The world in brief

Bootleg alcohol fatal to 39 Indians

LUCKNOW, India -- At least 39 people have died and another 27 fallen sick from drinking cheap spurious liquor containing toxic methanol in several villages in northern India, officials said Saturday.

Senior police officer Ashok Kumar said 26 died in two incidents in the state of Uttar Pradesh, 190 miles east of the capital, New Delhi, while 13 others died in the neighboring state of Uttarakhand. The majority of the deaths were reported from the village of Balpur in Uttarakhand.

Kumar said victims consumed liquor during two functions Thursday night, adding that the postmortem and initial forensic reports suggested that the brew was laced with methanol.

Police have arrested eight suspected bootleggers while the provincial governments have suspended 35 officials including 12 policemen.

Deaths from illegally brewed alcohol are common in India because the poor cannot afford licensed brands. Illicit liquor is cheap and often spiked with chemicals such as pesticides to increase potency.

Blizzards in China blanket villages

BEIJING -- Blizzards in Tibetan areas of western China have left thousands of head of livestock dead and roads covered in up to 18 inches of snow, state media outlets reported Saturday.

Authorities had sent veterinarians, medicine and animal feed to the hard-hit areas in Qinghai province's Yushu Tibetan area, the Xinhua News Agency reported.

Villages are above 16,400 feet and workers were seeking to clear roads to ensure the delivery of supplies, a task made more difficult by high winds and drifting snow.

The mainly ethnic Tibetan villagers depend heavily on yaks, goats and sheep for their livelihoods and to feed their families.

Harsh winters are routine in the Himalayan region that long fell within Tibet's traditional borders.

Snow also was expected in other parts of northern and central China, leading to some travel disruptions as millions of Chinese returned home after last week's Lunar New Year holiday.

Palestinian held in woman's death

JERUSALEM -- Israeli police said Saturday that they arrested a Palestinian suspect in the killing of a young Israeli woman, as thousands of people in Gaza buried two Palestinians killed by Israeli fire a day earlier in protests along the perimeter fence.

The police said Arafat Arpaya, 29, was arrested in Ramallah, the seat of the Palestinian Authority, but originally comes from the southern West Bank city of Hebron. The police did not say when the arrest took place and said the motive for the killing was still under investigation.

The stabbed body of Ori Ansbacher, 19, was found in the woods in the West Bank near Jerusalem on Thursday. She was buried Friday in the Israeli settlement of Tekoa.

In the Hamas-ruled Gaza Strip, thousands of mourners attended the funerals of the Palestinian teenagers.
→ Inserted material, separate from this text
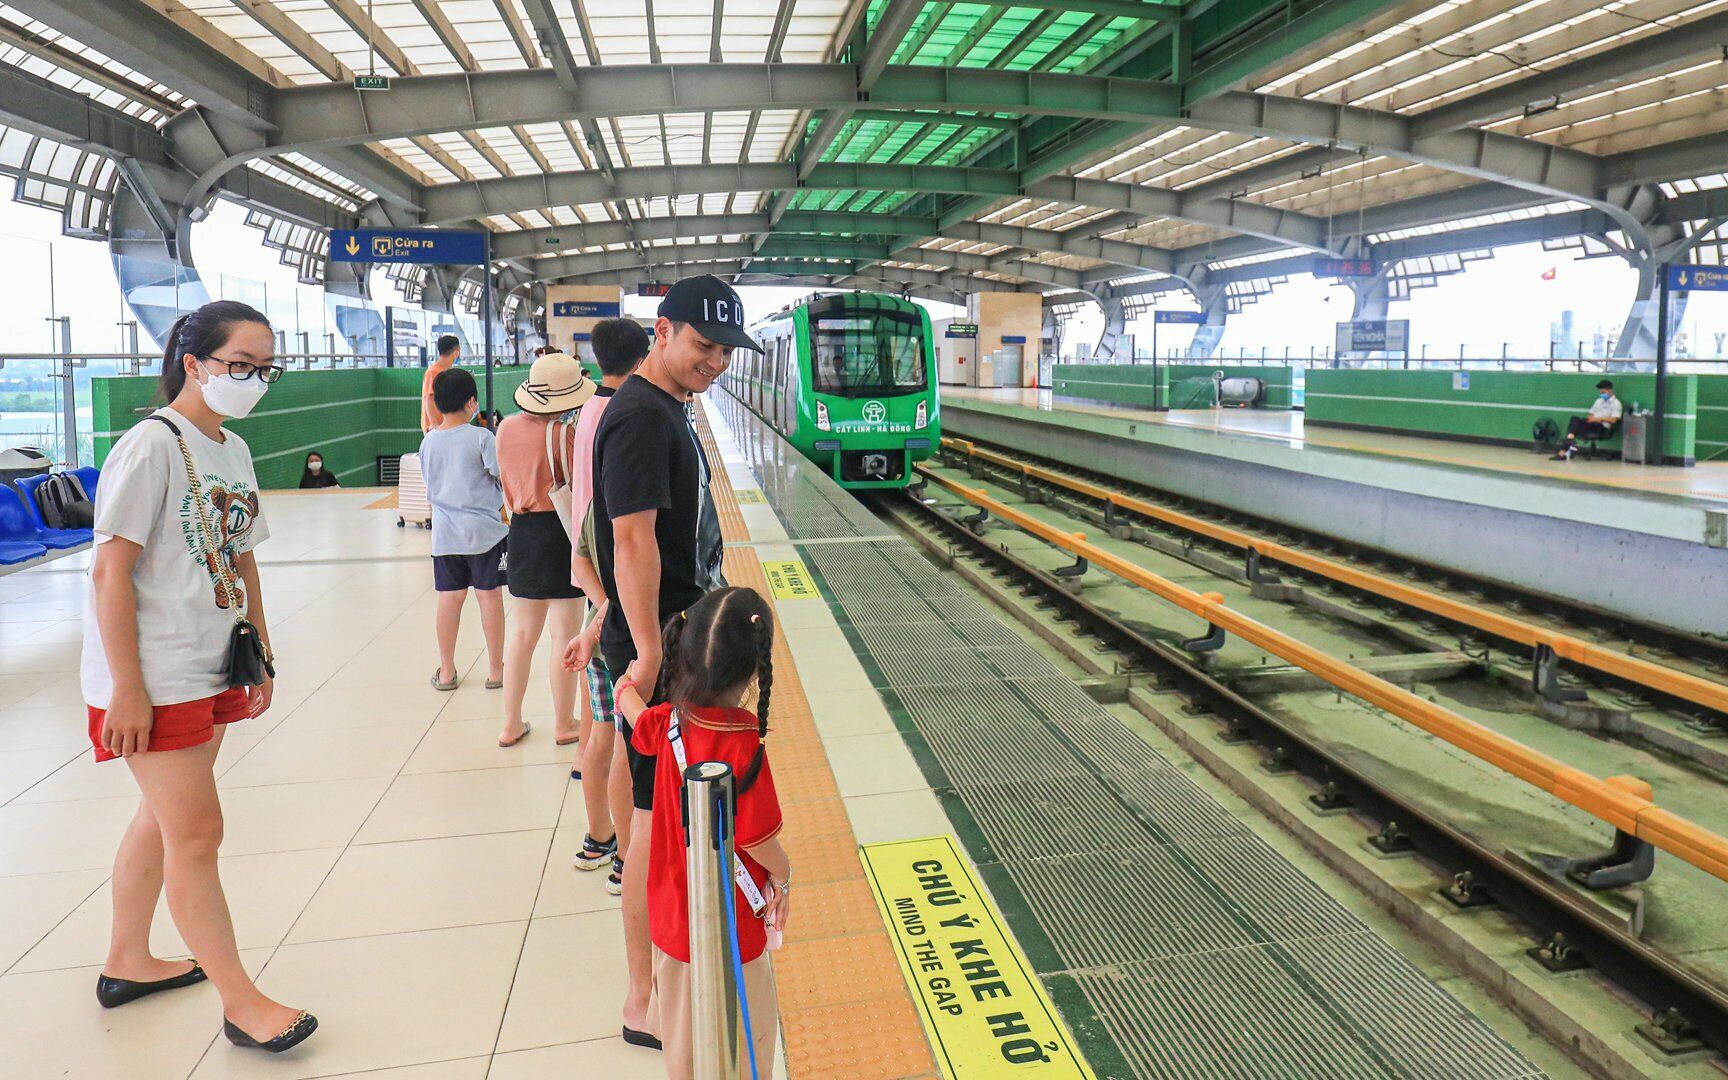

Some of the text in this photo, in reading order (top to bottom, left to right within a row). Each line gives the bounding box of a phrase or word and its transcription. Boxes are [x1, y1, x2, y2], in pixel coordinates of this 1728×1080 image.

The mother of 14-year-old Hassan Shalabi wailed as mourners took his body on a stretcher for a final farewell at their home in the Nusseirat refugee camp.

The two teenagers were standing 160-200 feet from the fence at separate protests when they were shot by Israeli forces, according to rights group al-Mezan.

In Gaza City, mourners buried Hamza Ishtiwi. The Health Ministry put his age at 18, but al-Mezan said he was 17.

Gaza's Hamas rulers have organized mass demonstrations along the frontier every Friday since March, in part to protest against the Israeli and Egyptian blockade on the territory imposed when the Islamic militant group seized power in 2007. Dozens of Palestinians have been killed and thousands have been wounded.